━━━ MATERIAL FOR THE TASK

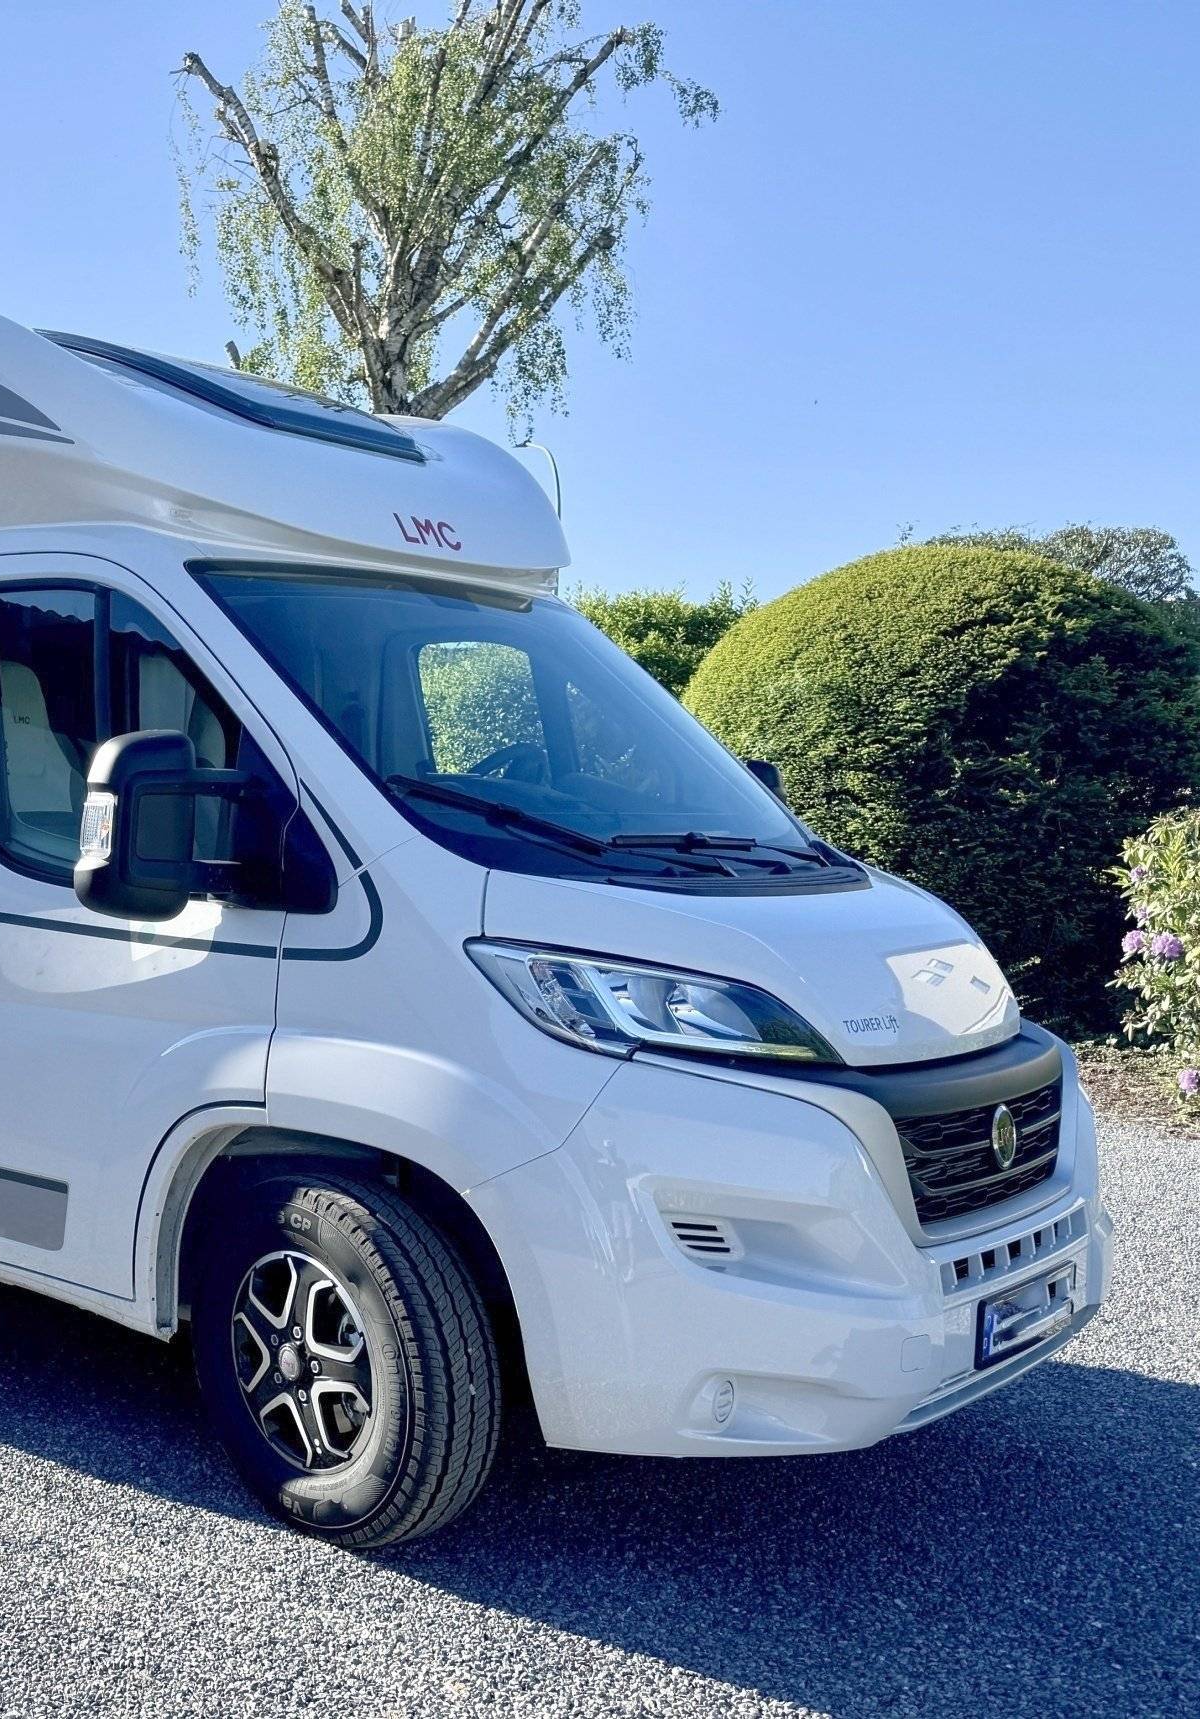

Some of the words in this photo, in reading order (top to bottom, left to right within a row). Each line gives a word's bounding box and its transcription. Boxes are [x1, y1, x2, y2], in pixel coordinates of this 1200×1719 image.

[392, 512, 462, 552] LMC
[13, 715, 31, 725] LMC
[843, 1017, 884, 1034] TOURER
[882, 1014, 900, 1034] Lift

━━━━━━

Please write out every record above exactly, but leave the pictures out.

# ANSWER TO THIS EXERCISE
Some of the words in this photo, in reading order (top to bottom, left to right within a row). Each line gives a word's bounding box and its transcription. Boxes are [x1, y1, x2, y2], in pixel coordinates of this 1200×1719 image.

[392, 512, 462, 552] LMC
[13, 715, 31, 725] LMC
[843, 1017, 884, 1034] TOURER
[882, 1014, 900, 1034] Lift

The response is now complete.